COVID research has demonstrated:

• Bilateral Asymmetric Decline: Recovered mild COVID-19 patients showed asymmetric bilateral glymphatic function decline after four months of recovery (Wu et al 2023 (82))

• Age-Related Impact: The decrease in glymphatic function was more pronounced in older recovered patients, (82) in keeping with the known association in glymphatic mal-functioning in Alzheimer’s disease. (Cherian et al 2016 (72))(Gouvela-Freitas & Bastos-Leite 2021 (73)) In a study of over 6 million people over 65 years, COVID increased Alzheimer’s risk by 50 to 80% within a year most noticeable in women over 85. (Hahn 2022 (83))

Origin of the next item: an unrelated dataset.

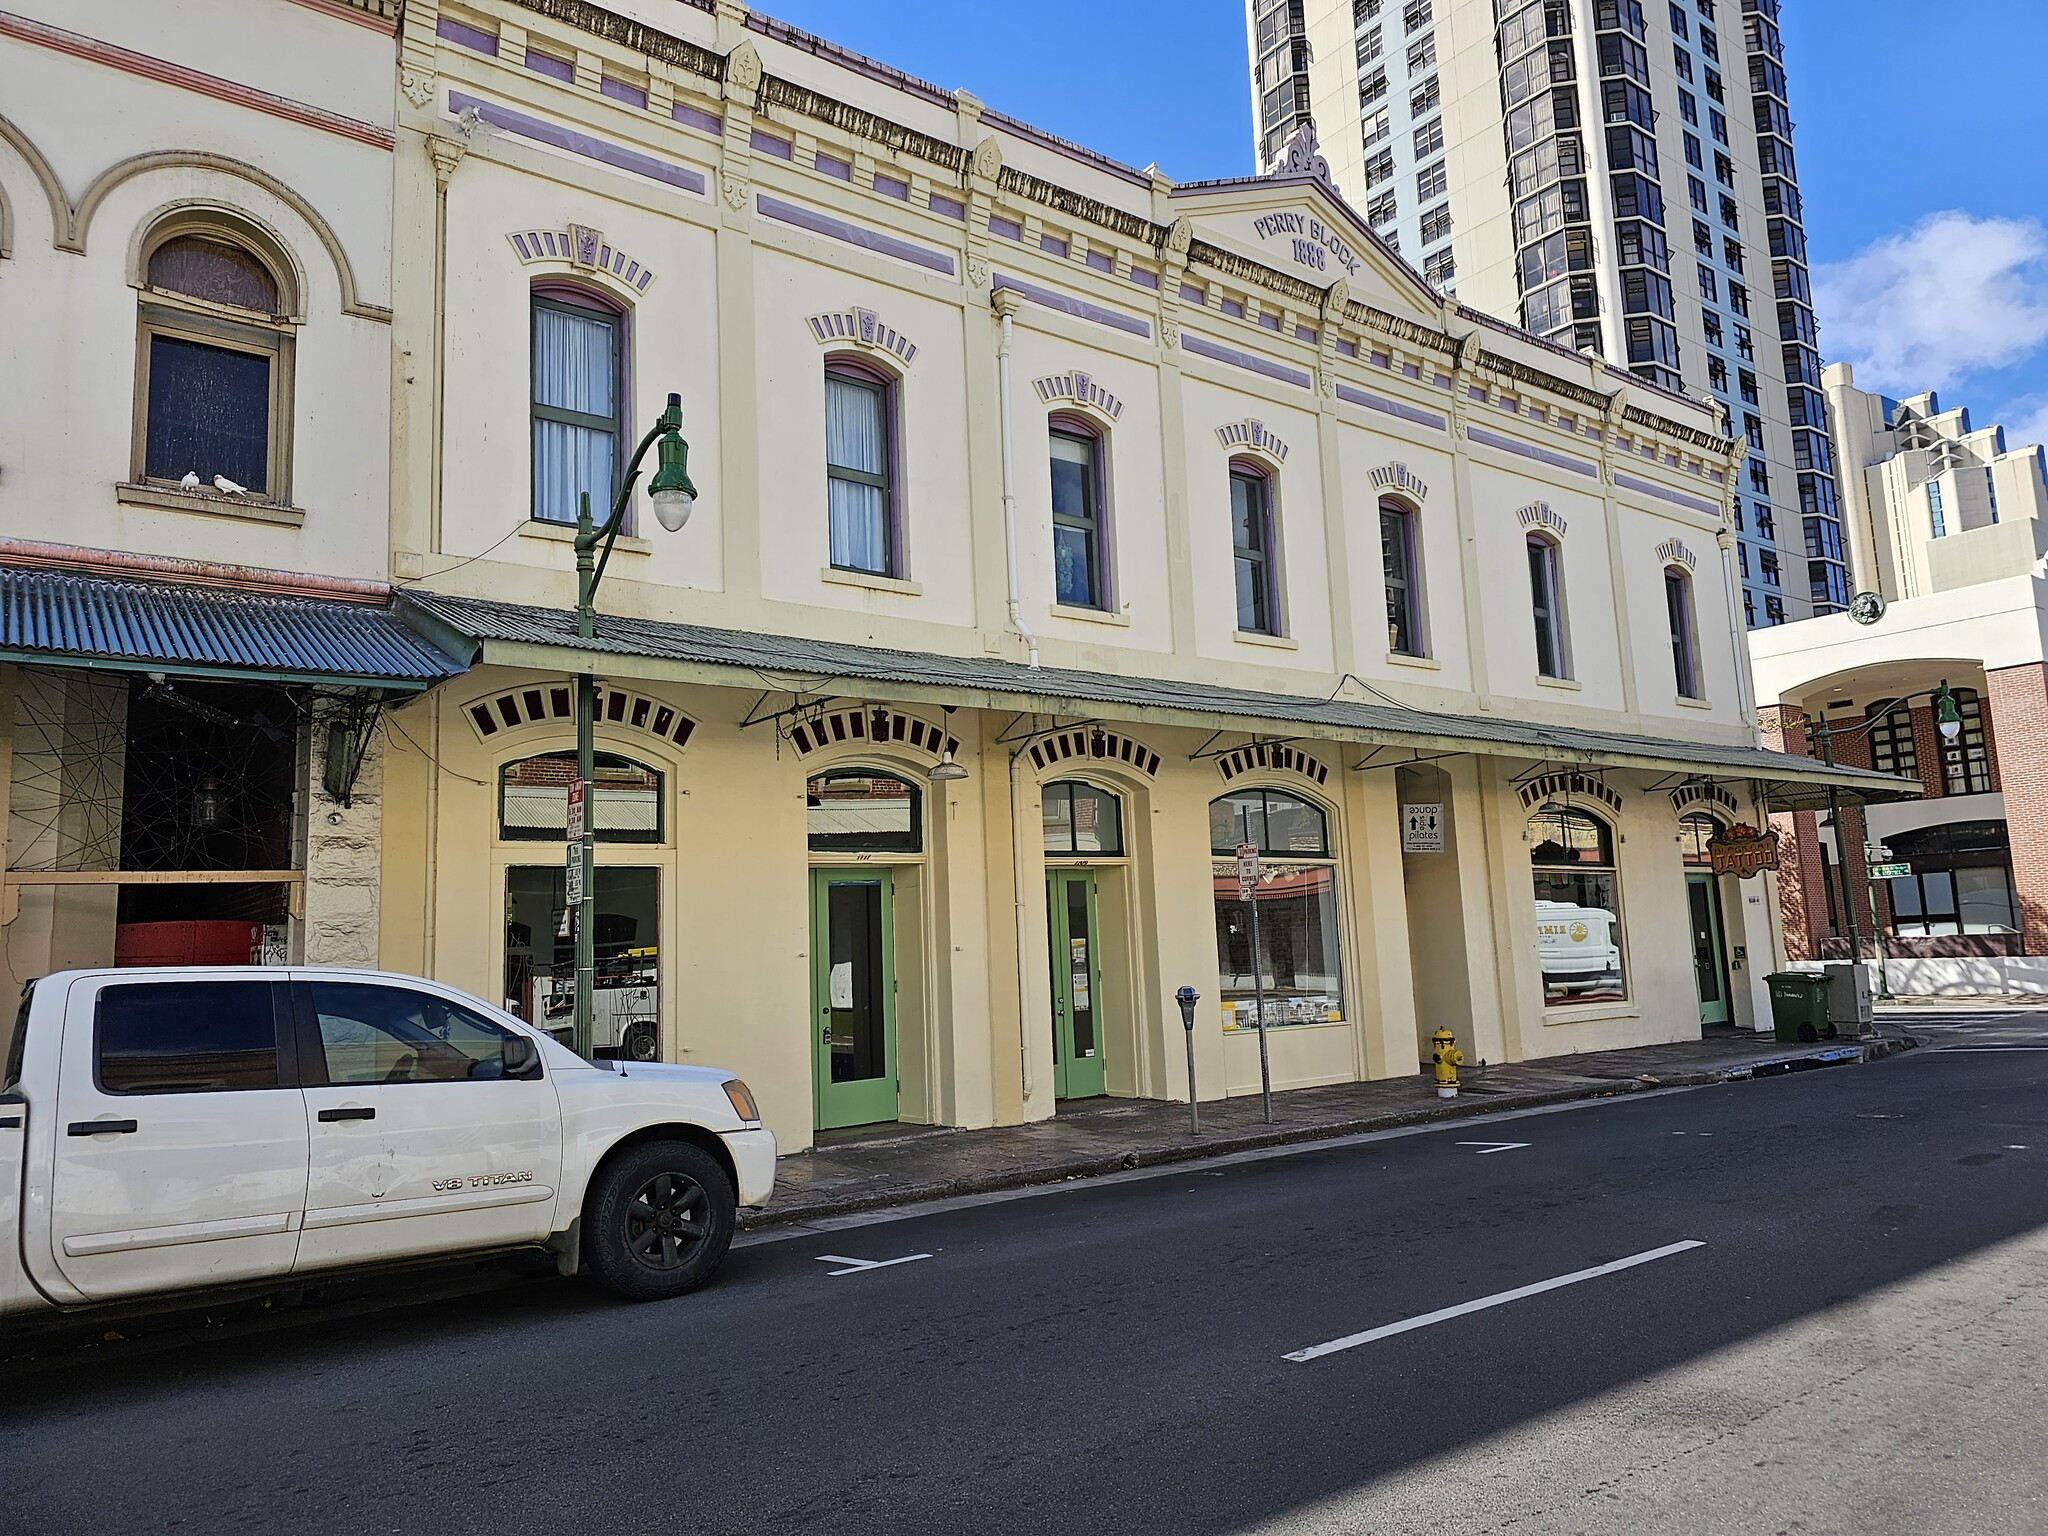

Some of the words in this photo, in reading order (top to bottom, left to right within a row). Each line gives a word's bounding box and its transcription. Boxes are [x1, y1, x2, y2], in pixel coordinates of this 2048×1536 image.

• Cognitive Correlation: Patients with right-sided glymphatic dysfunction experienced a higher proportion of cognitive decline compared to those with left-sided dysfunction (82)

• CSF Clearance Impairment: Long COVID patients showed reduced cerebrospinal fluid clearance, suggesting potential glymphatic system congestion (Zhou et al 2024 (84))

Venous Obstruction

Venous obstruction directly increases venous sinus pressure, impairing CSF absorption and leading to a compensatory increase in CSF production or brain oedema. Prolonged venous hypertension further exacerbates fluid dynamics, resulting in ICH.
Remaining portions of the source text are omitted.